The ship which bore the distinguished prisoner from Savannah did not proceed to Washington, but anchored in Hampton Roads at Fortress Monroe.
A little tug puffed up and drew alongside the steamer. She took off Alexander H. Stephens, General Joseph Wheeler and Burton Harrison. Stephens and Wheeler were sent to Fort Warren in Boston Harbor.
The next, day the tug returned.
Little Jeff ran to his mother trembling and sobbing:
"They say they\'ve come for father—beg them to let us go with him!"
Davis stepped quickly forward and returned with an officer.
"It\'s true," he whispered. "They have come for Clay and me. Try not to weep. These people will gloat over your grief."
Mrs. Davis and Mrs. Clay stood close holding each other\'s hands in silent sympathy and grim determination to control their emotions. They parted with their husbands in dumb anguish.
As the tug bore the fallen Chieftain from the ship, he bared his head, drew his tall figure to its full height, and, standing between the files of soldiers, gazed on his wife and weeping children until the mists drew their curtain over the solemn scene.

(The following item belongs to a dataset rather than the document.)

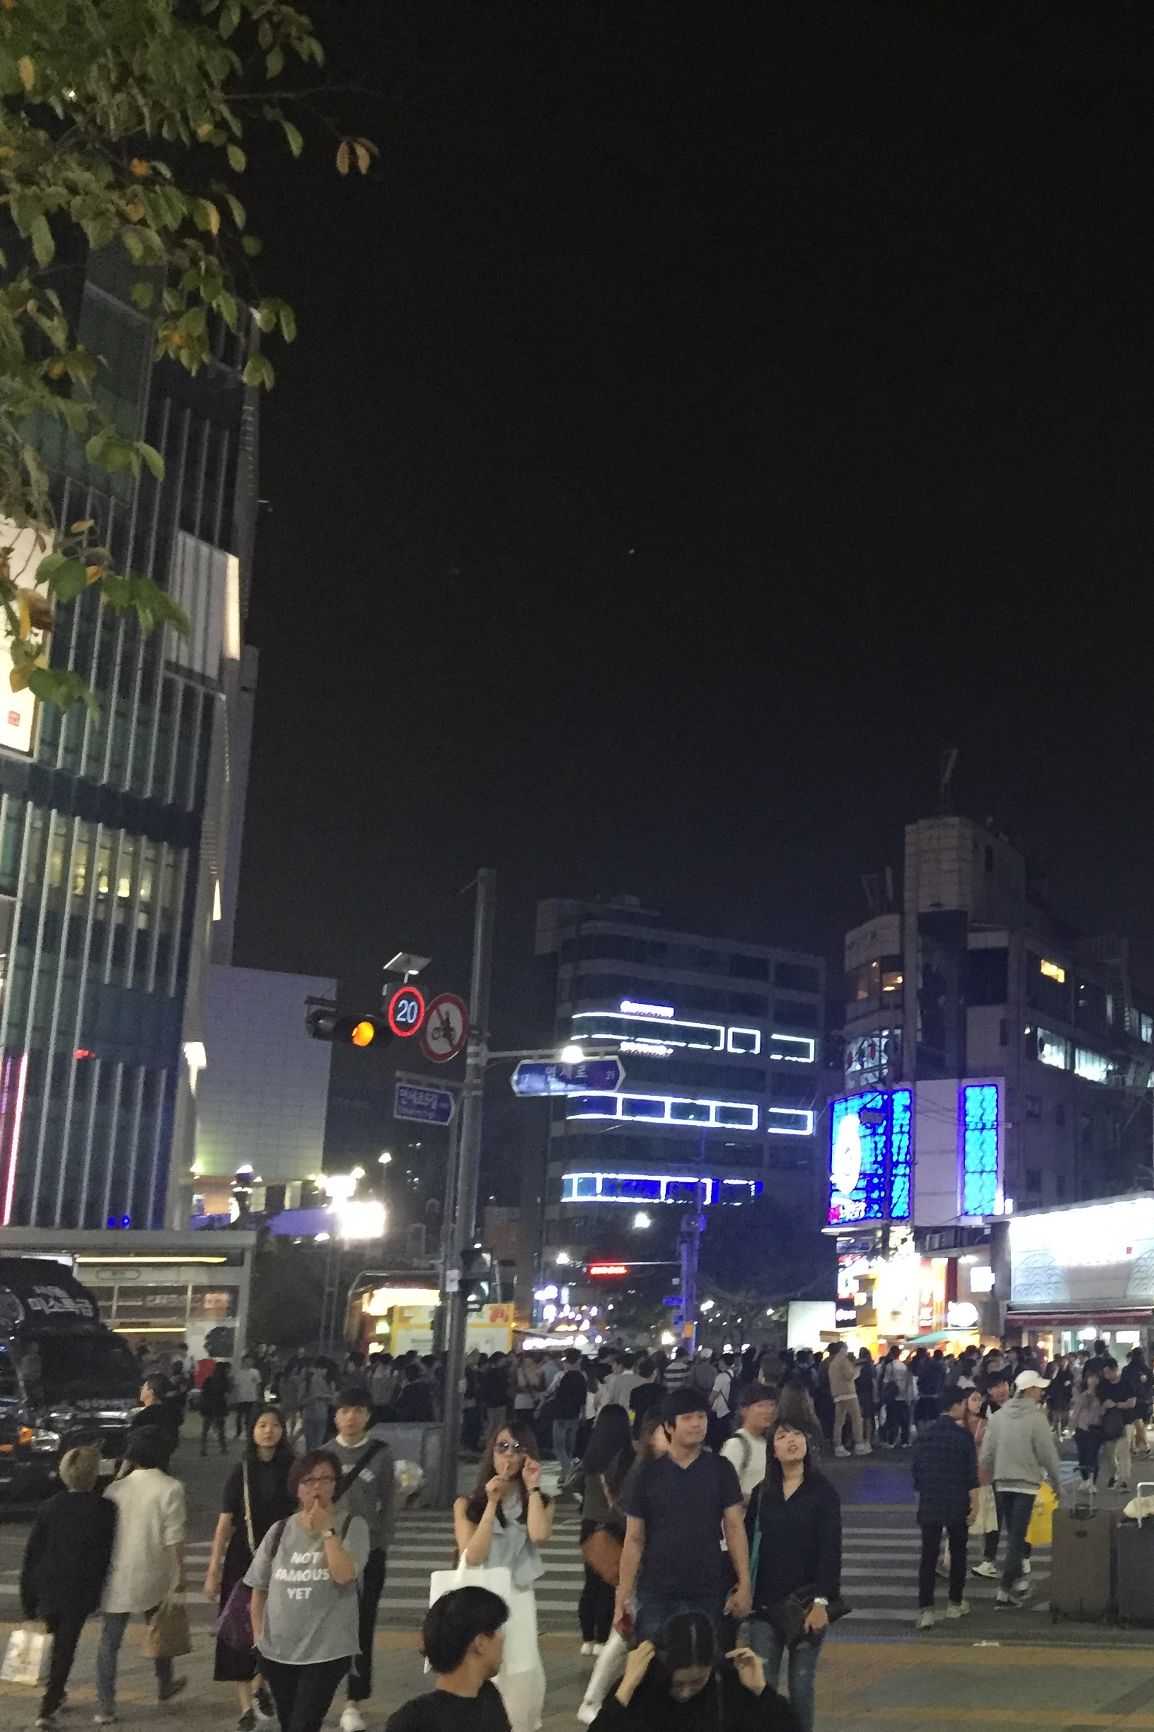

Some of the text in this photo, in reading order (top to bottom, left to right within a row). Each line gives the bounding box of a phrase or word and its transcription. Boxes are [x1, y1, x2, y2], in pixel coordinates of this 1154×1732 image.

[396, 1000, 418, 1024] 20
[290, 1551, 322, 1564] NOT
[287, 1587, 312, 1599] YET

Mrs. Davis\' stateroom was entered now by a raiding party headed by Captain Hudson. Her trunks were again forced open and everything taken which the Captain or his men desired—among them all her children\'s clothes. Jeff seized his little soldier uniform of Confederate gray and ran with it. He managed to hide and save it.

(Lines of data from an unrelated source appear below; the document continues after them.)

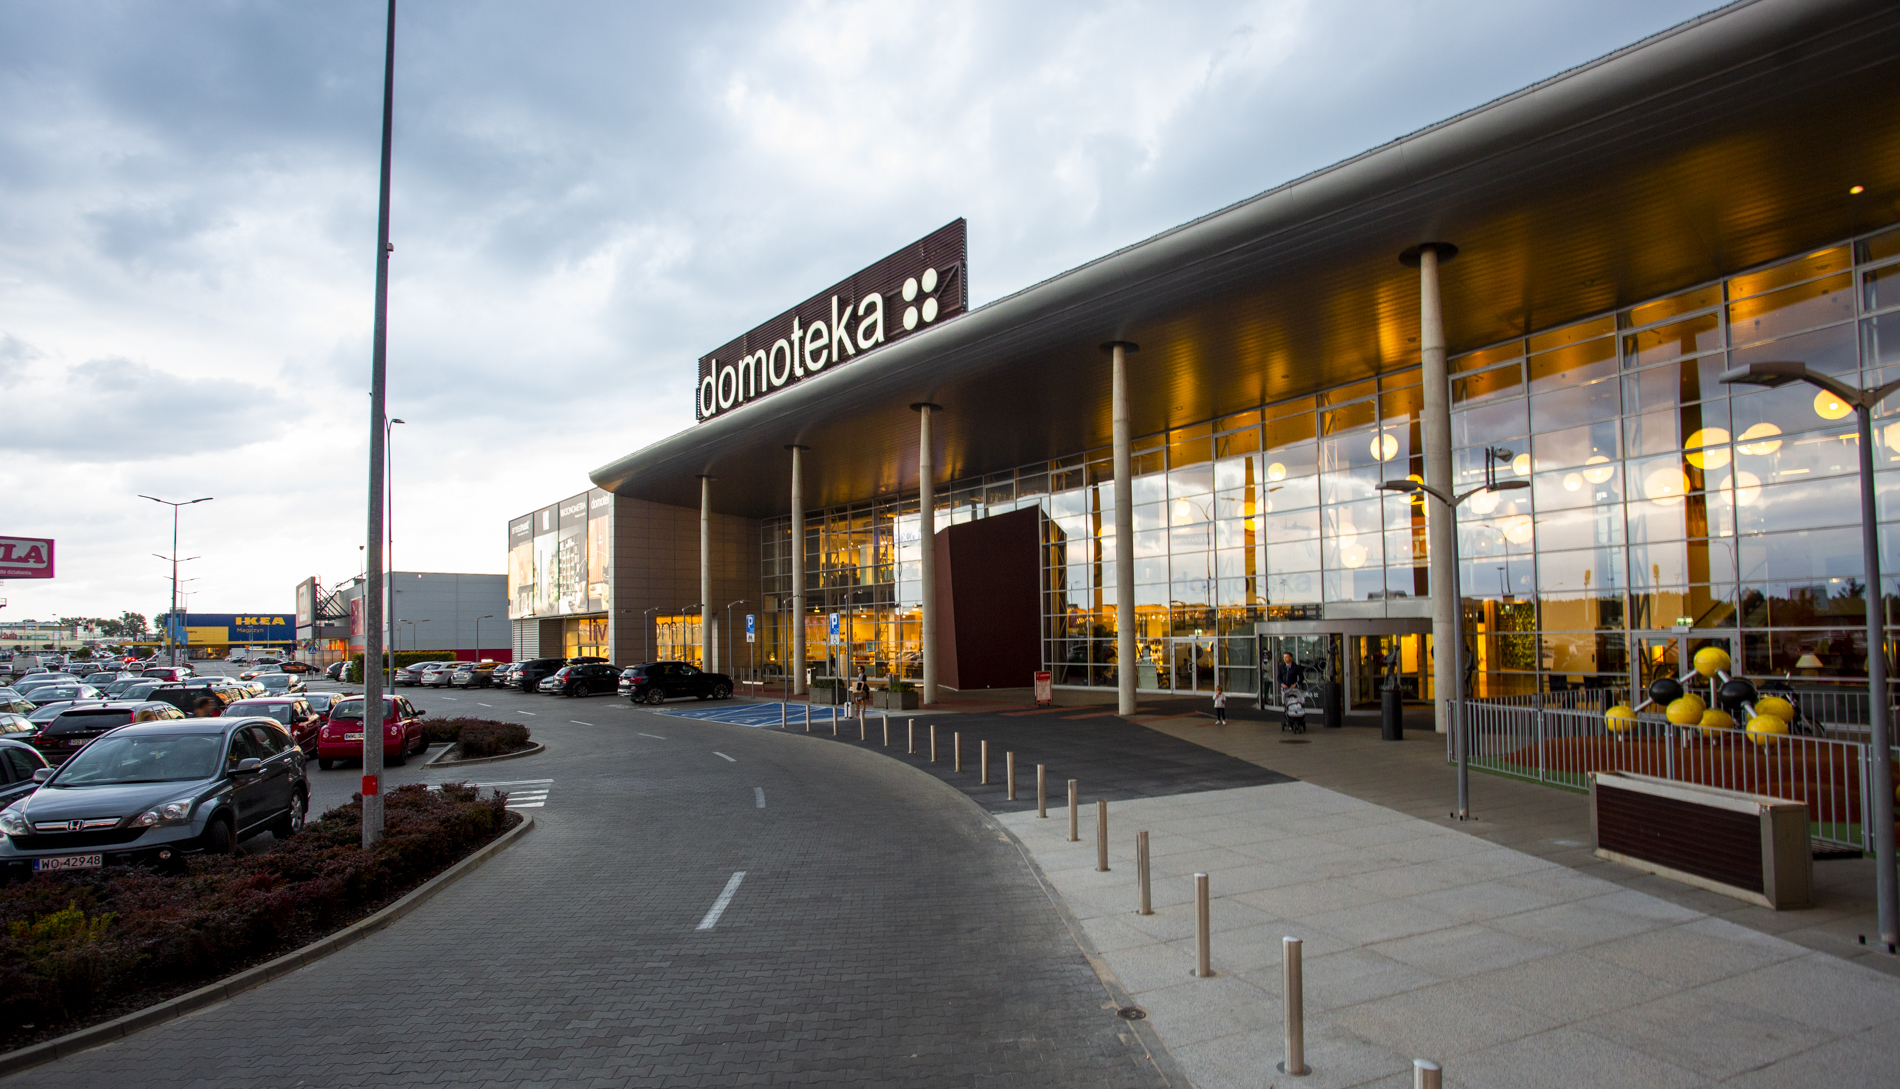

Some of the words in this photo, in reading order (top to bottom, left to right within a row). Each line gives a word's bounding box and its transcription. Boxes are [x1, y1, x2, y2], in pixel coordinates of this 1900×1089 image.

[700, 292, 885, 418] domoteka
[0, 543, 46, 565] LA
[235, 616, 286, 626] IKEA
[748, 616, 754, 629] P
[831, 615, 838, 628] P
[41, 858, 60, 870] WO
[63, 855, 101, 868] 42948

Captain Hudson then demanded the shawl which Davis had thrown over his shoulders on the damp morning when he was captured.
"You have no right to steal my property," his wife replied indignantly. "Peace has been declared. The war is over. This is plain robbery."

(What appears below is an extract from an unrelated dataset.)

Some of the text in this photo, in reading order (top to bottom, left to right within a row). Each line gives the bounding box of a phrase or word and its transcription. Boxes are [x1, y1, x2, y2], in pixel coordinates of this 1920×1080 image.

Hudson called in another file of soldiers.
"Hand out that shawl or I\'ll take the last rag you have on earth. I\'ll pay you for it, if you wish. But I\'m going to have it."
Mrs. Davis took the shawl from Mrs. Clay\'s shoulders and handed it to the brute.
"At least I may get rid of your odious presence," she cried, "by complying with your demand."
Hudson took the shawl with a grin and led his men away. Two of his officers returned in a few minutes and thrust their heads in the stateroom of Mrs. Davis\' sister with whom Mrs. Clay was sitting.
"Gentlemen, this is a ladies\' stateroom," said the Senator\'s wife.
One of them threw the door open violently and growled:
"There are no ladies here!"
"I am quite sure," was the sweet reply, "that there are no gentlemen present!"
With an oath they passed on. Little tugs filled with vulgar sightseers steamed around the ship and shouted a continuous stream of insults when one of the Davis party could be seen.
General Nelson A. Miles, the young officer who had been appointed jailer of Jefferson Davis and Clement C. Clay boarded the ship and proceeded without ceremony to give his orders to their wives.
"Will you tell me, General," Mrs. Davis asked, "where my husband is imprisoned and what his treatment is to be?"
"Not a word," was the short reply.
His manner was so abrupt and boorish she did not press for further news.
Miles ventured some on his own account.
"Jeff Davis announced the assassination of Abraham Lincoln the day before it happened. I guess he knew all about it—"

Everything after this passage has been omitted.